* YOUR OBJECTIVE *
In your copy, leave out the pictures and repeat the entries below exactly.

[INPUT FOR THIS TASK Boundary: Start]

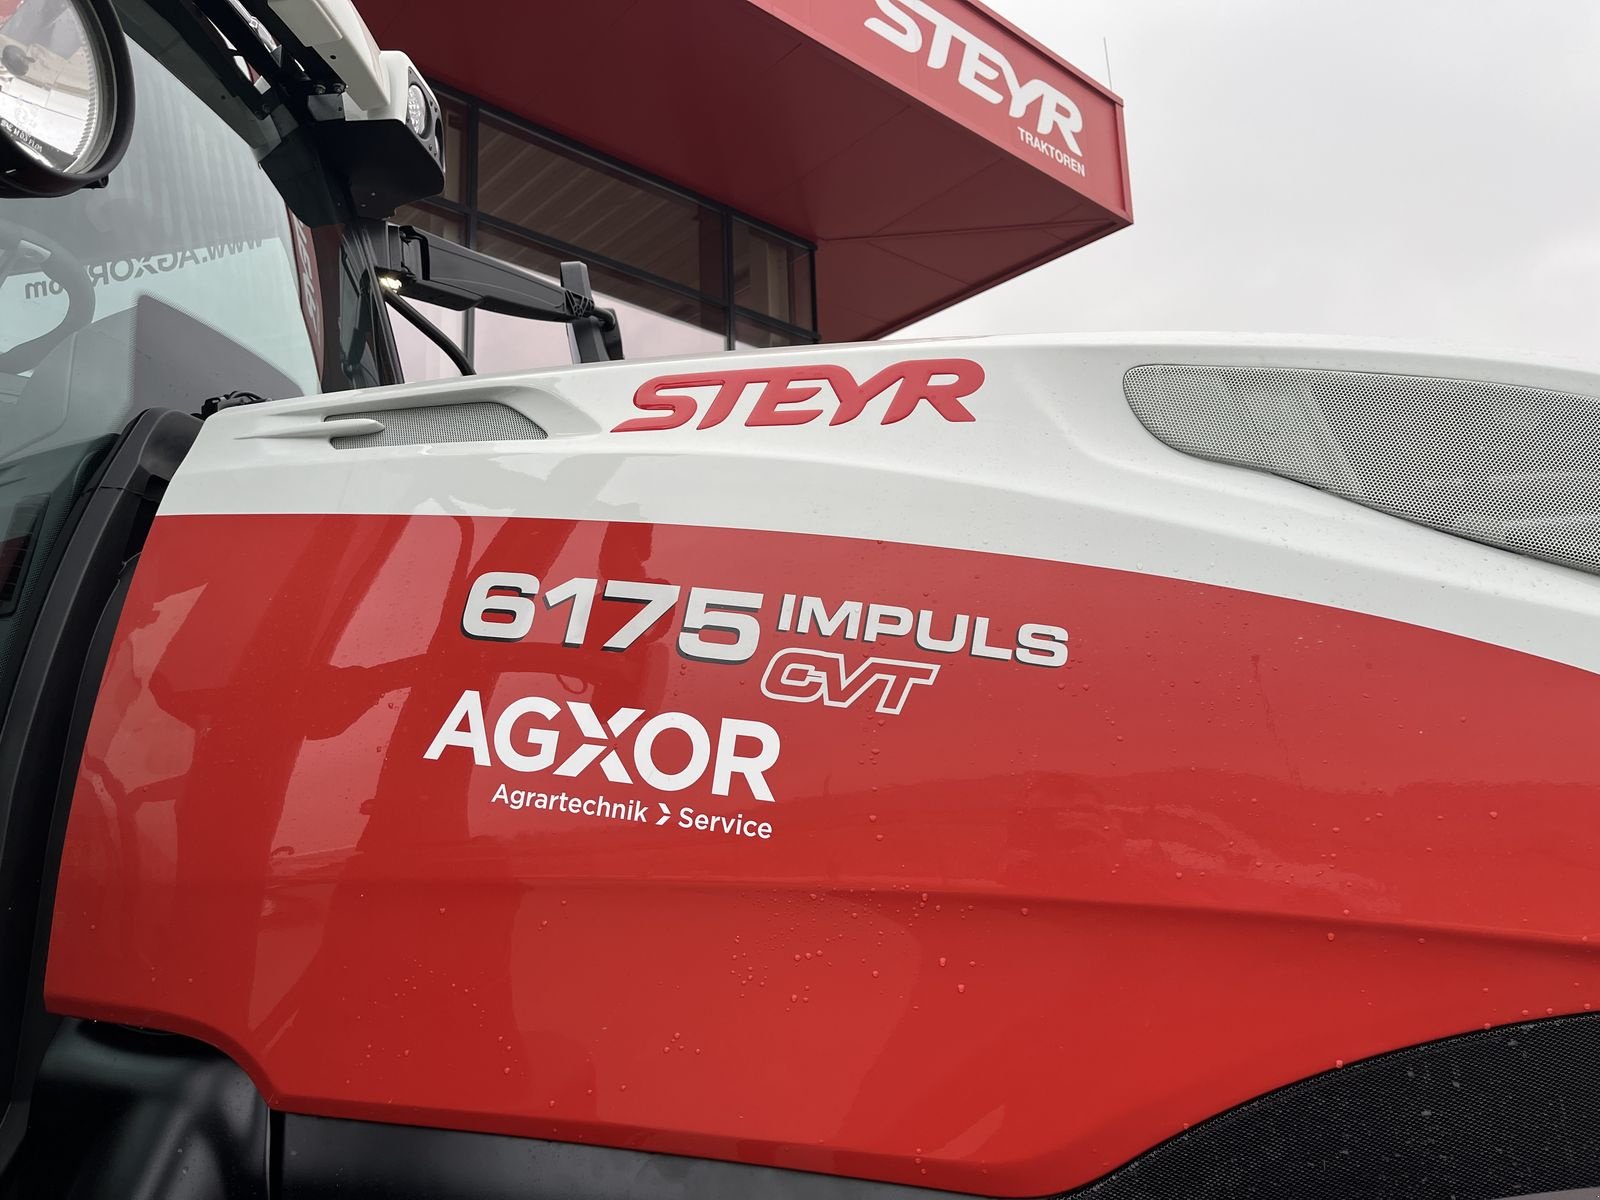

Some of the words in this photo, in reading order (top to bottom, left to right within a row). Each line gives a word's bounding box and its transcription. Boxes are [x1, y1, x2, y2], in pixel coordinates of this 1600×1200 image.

[864, 0, 1082, 157] STEYR
[1017, 126, 1086, 177] TRAKTOREN
[610, 358, 985, 433] STEYR
[460, 571, 764, 665] 6175
[776, 593, 1070, 668] IMPULS
[760, 647, 941, 715] CVT
[422, 689, 781, 803] AGXOR
[491, 784, 649, 823] Agrartechnik
[677, 807, 774, 839] Service
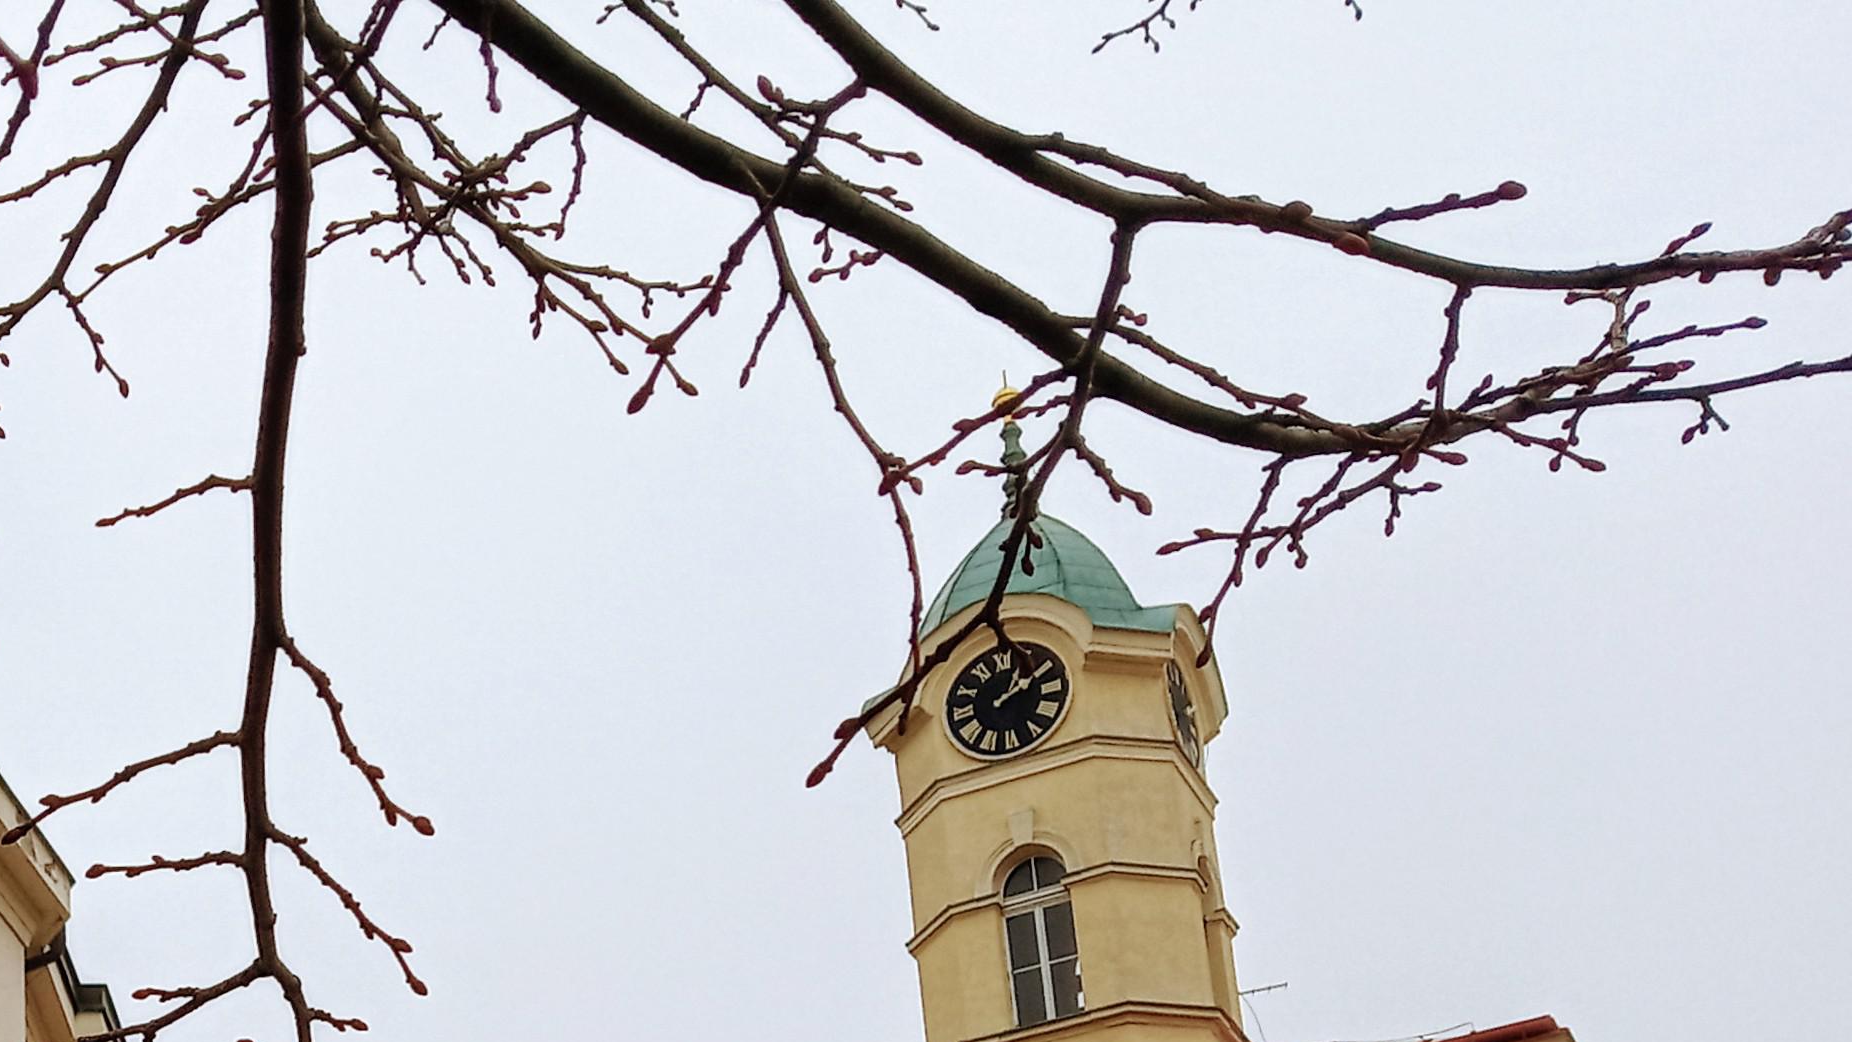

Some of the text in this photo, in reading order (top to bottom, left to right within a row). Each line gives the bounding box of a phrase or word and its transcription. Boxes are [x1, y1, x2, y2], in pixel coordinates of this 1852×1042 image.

[970, 662, 992, 683] XI
[956, 684, 977, 698] X
[1027, 720, 1043, 738] V

[INPUT FOR THIS TASK Boundary: End]

* RESPONSE *
Some of the words in this photo, in reading order (top to bottom, left to right within a row). Each line gives a word's bounding box and its transcription. Boxes are [x1, y1, x2, y2], in pixel coordinates of this 1600×1200 image.

[864, 0, 1082, 157] STEYR
[1017, 126, 1086, 177] TRAKTOREN
[610, 358, 985, 433] STEYR
[460, 571, 764, 665] 6175
[776, 593, 1070, 668] IMPULS
[760, 647, 941, 715] CVT
[422, 689, 781, 803] AGXOR
[491, 784, 649, 823] Agrartechnik
[677, 807, 774, 839] Service

Some of the text in this photo, in reading order (top to bottom, left to right within a row). Each line gives the bounding box of a phrase or word and its transcription. Boxes are [x1, y1, x2, y2], in pixel coordinates of this 1852×1042 image.

[970, 662, 992, 683] XI
[956, 684, 977, 698] X
[1027, 720, 1043, 738] V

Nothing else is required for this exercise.